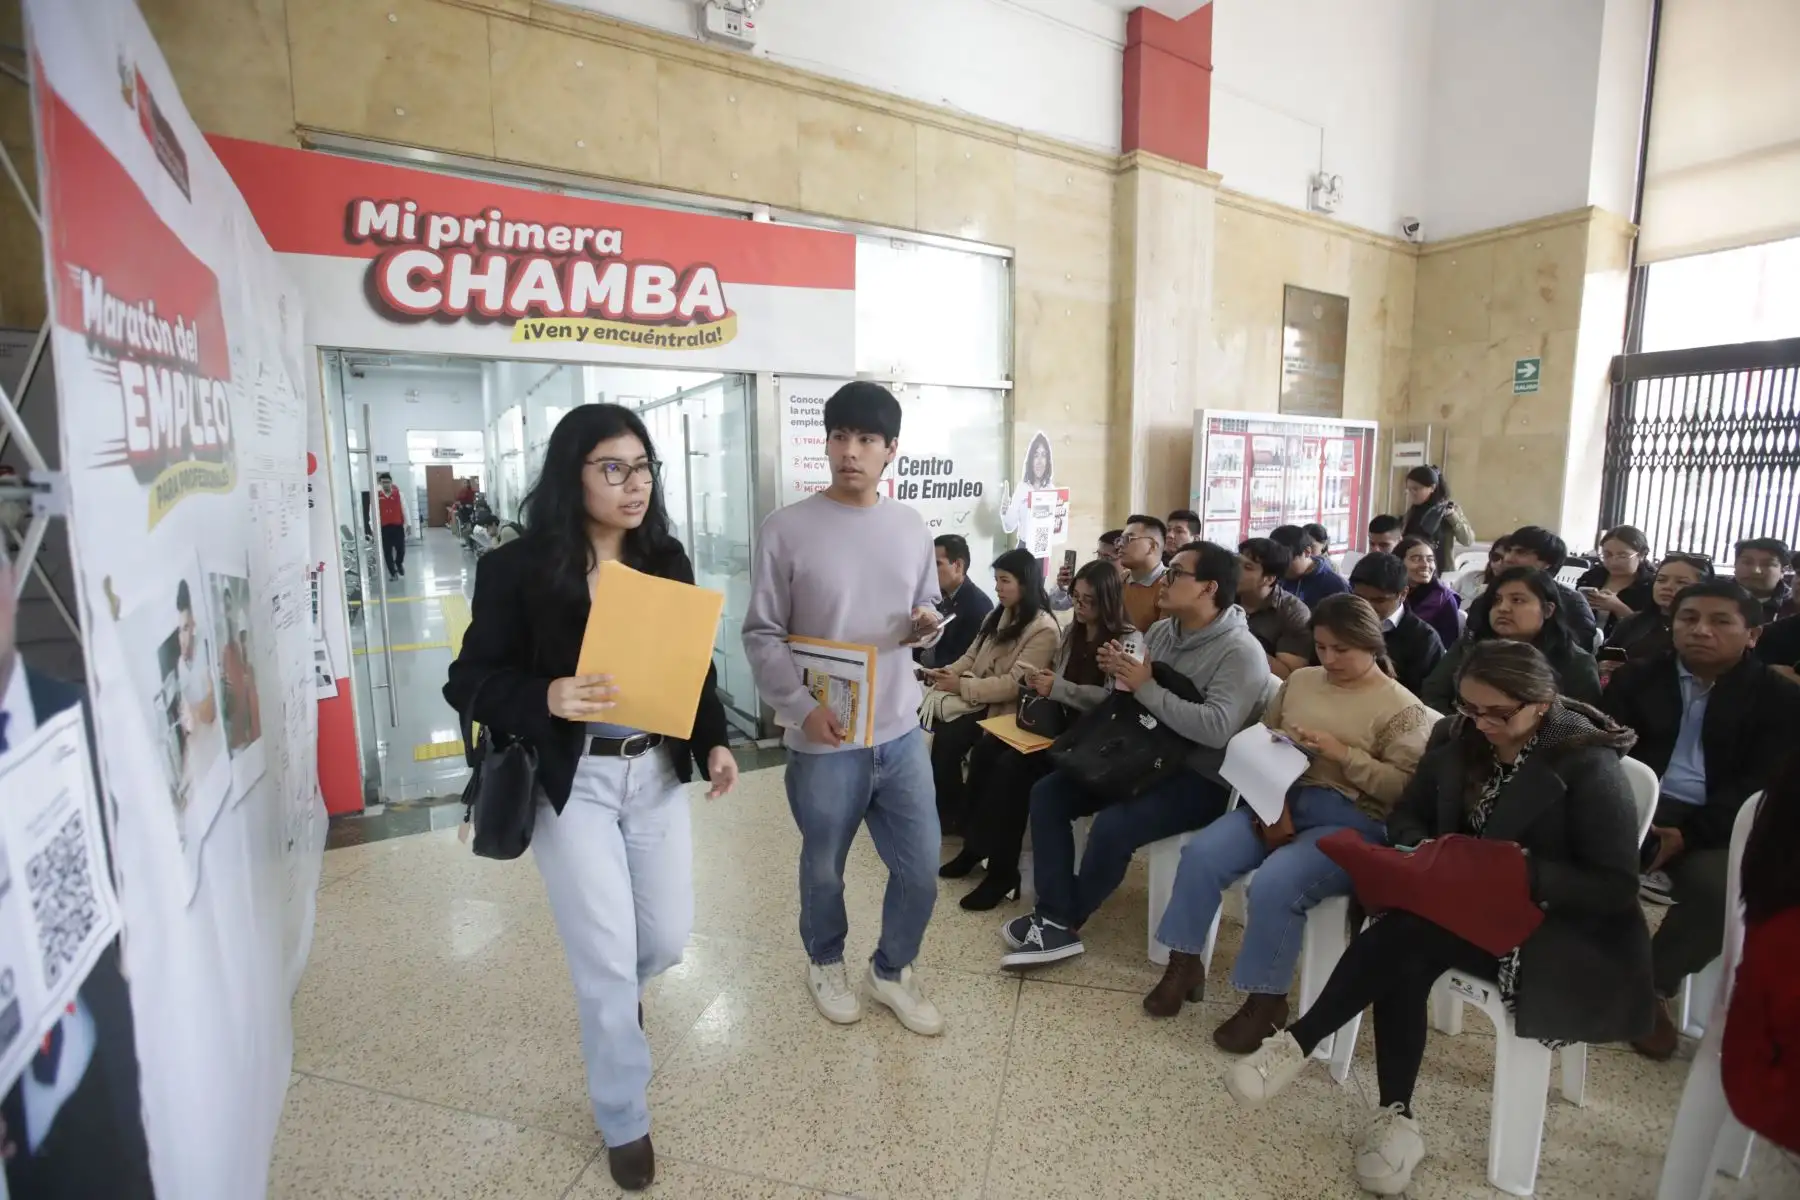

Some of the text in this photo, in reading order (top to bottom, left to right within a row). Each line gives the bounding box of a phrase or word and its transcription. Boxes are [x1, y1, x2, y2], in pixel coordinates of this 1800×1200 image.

[356, 200, 624, 256] Mi primera
[385, 248, 728, 319] CHAMBA
[82, 269, 199, 365] Maratón del
[523, 322, 723, 349] ¡Ven y encuéntrala!
[117, 358, 231, 452] EMPLEO
[789, 395, 825, 405] Conoce
[789, 406, 820, 415] la ruta
[813, 462, 826, 470] CV
[897, 455, 954, 477] Centro
[897, 478, 984, 501] de Empleo
[929, 519, 943, 528] CV
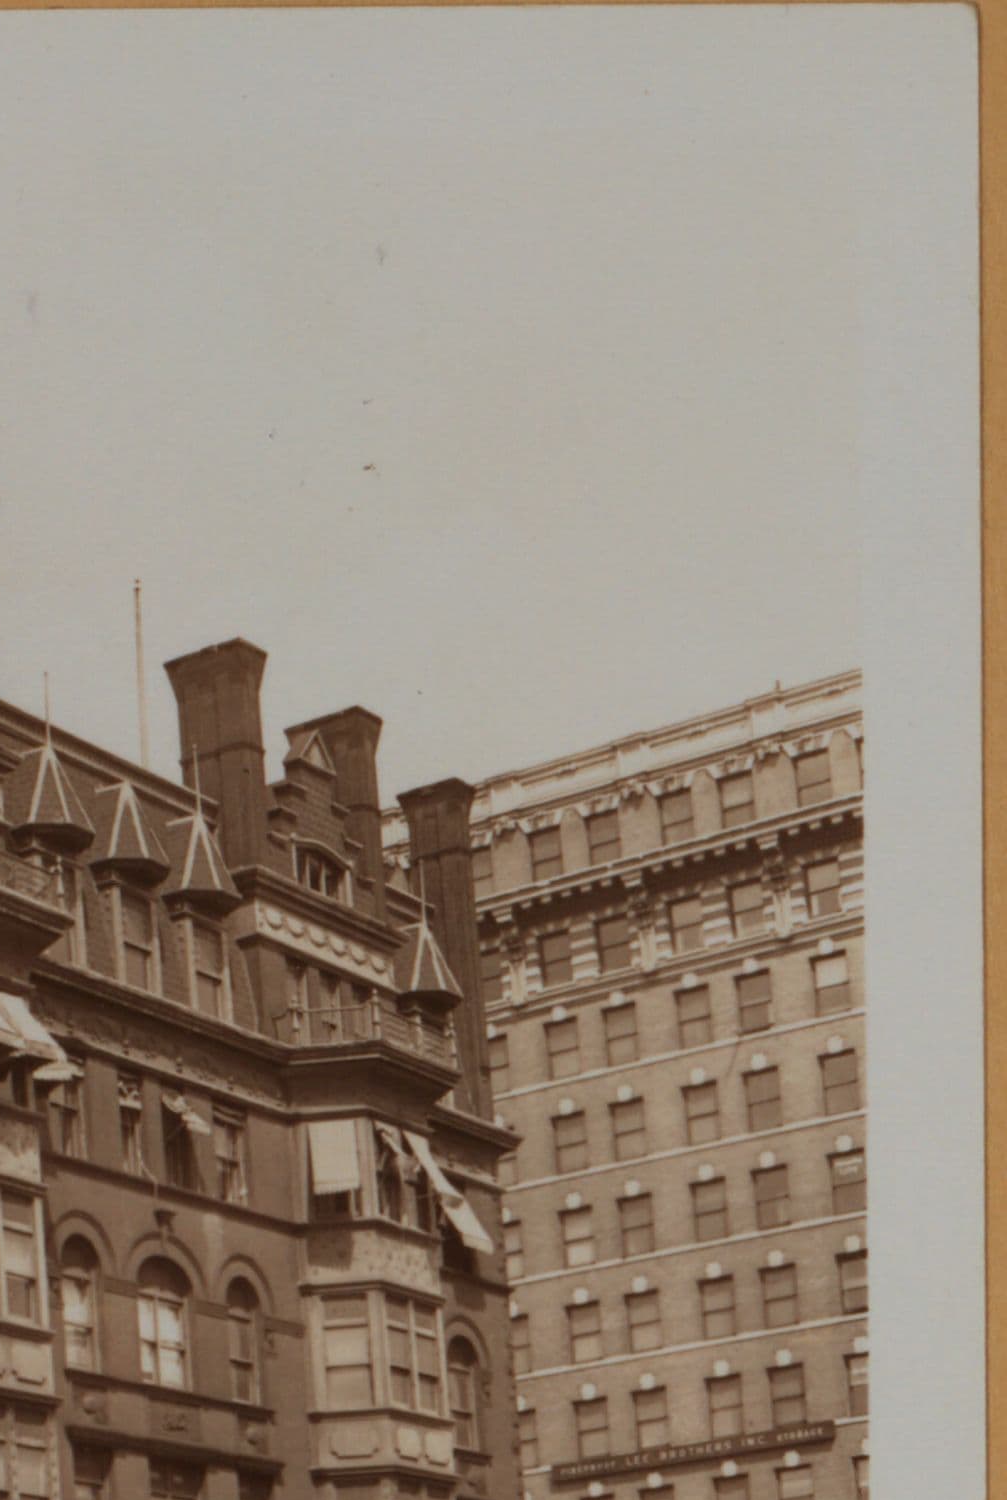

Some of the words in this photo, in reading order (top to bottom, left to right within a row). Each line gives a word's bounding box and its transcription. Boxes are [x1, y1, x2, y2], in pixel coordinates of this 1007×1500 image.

[625, 1453, 649, 1468] LEE
[659, 1440, 733, 1461] BROTHERS
[776, 1426, 824, 1442] STORAGE
+===+
### Try it
Restate word for word the lines running from the line that holds "Some of the words" to the final line of the entries.

### Solution
Some of the words in this photo, in reading order (top to bottom, left to right within a row). Each line gives a word's bounding box and its transcription. Boxes are [x1, y1, x2, y2], in pixel coordinates of this 1007×1500 image.

[625, 1453, 649, 1468] LEE
[659, 1440, 733, 1461] BROTHERS
[776, 1426, 824, 1442] STORAGE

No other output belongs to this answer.